What does all this information mean?

  • There is no clinical recommendation stating that you have to lie on your back for your labour and delivery, nor is there evidence that it is safer for to do so. So listen to your body and do what is comfortable for you
  • The benefits of movement and an upright birth can include shorter labours, less episiotomies, less instrumental birth, less C-sections, less pain, and more satisfaction
  • Be mindful of interventions that require you to stay in bed (for example, ask for intermittent fetal monitoring or that it be wireless if continuous monitoring is indicated)
  • Look for prenatal education classes that teach about movement and position changes in labour
  • Consider hiring a doula – they are trained and knowledgeable about positions that are great for labour and can help nurture a supportive environment
  • Some healthcare professionals are more flexible than others when it comes to birthing positions – midwives may be more accommodating than obstetricians in some cases

References: 1. Public Health Agency of Canada. What mothers say: The Canadian maternity experience survey. Ottawa (ON): 2009; 2. Declercq ER, et al. J Perinat Educ. 2014; 23(1):9-16; 3. Gupta JK, et al. Cochrane Database Syst Rev. 2017; 5:CD002006; 4. Lawrence A, et al. Cochrane Database Syst Rev. 2013; 8:CD003934; 5. Kibuka M, et al. Cochrane Database Syst Rev. 2017; 2:CD008070; 6. Walker C, et al. Int Urogynecol J. 2012; 23(9): 1249-1256; 7. Simarro M, et al. Med Sci (Basel). 2017; 5(1):5; 8. Public Health Agency of Canada. Family-centred maternity and newborn care: National Guidelines – Chapter 4. Ottawa (ON): PHAC: 2018; 9. CAM/ACSF Position Statement: Midwifery Care and normal birth. 2010; 10. American College of Obstetricians and Gynecologists. Am J Obstet Gynecol. 2019; 133:e164-173; 11. Technical Working Group, World Health Organization. Birth. 1997; 24(2): 121-123

Disclaimer: The information in this post absolutely does not constitute advice from a healthcare professional and is solely intended to provide you with general information. Each person is unique with individual circumstances, and as such some or all information may not apply to you.
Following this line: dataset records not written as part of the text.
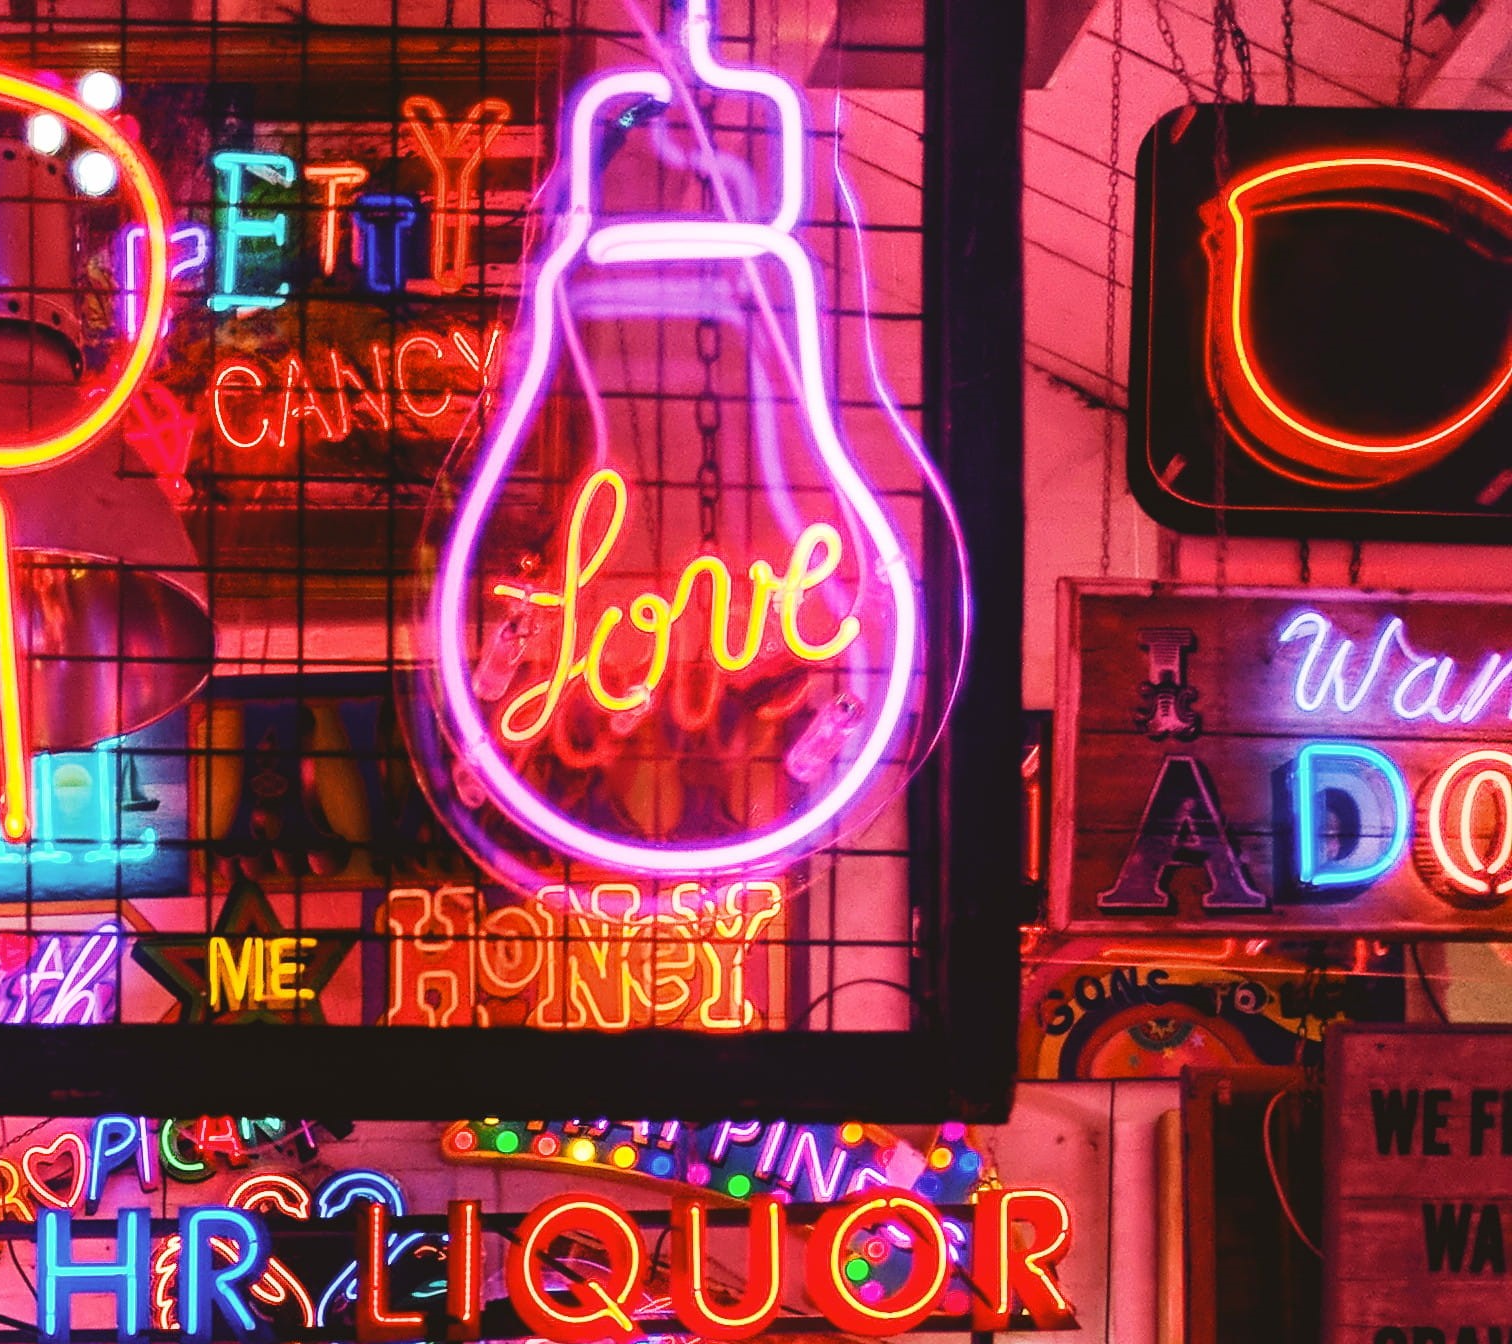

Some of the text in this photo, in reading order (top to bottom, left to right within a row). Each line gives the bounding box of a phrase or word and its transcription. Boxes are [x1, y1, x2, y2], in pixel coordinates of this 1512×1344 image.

[494, 469, 861, 742] Love
[209, 936, 317, 1008] ME
[387, 880, 782, 1029] HONEY
[1370, 1088, 1452, 1156] WE
[357, 1188, 1082, 1344] LIQUOR
This information does not substitute for your healthcare provider’s medical advice and should not be relied upon as such. Before making any decisions, be sure to reach out to a qualified healthcare professional. If you are pregnant and need to be examined, please see a physician, nurse practitioner, midwife or obstetrician.

We strive to ensure that the information provided is accurate, evidence-based, and reliable, but cannot guarantee that it is error-free or complete.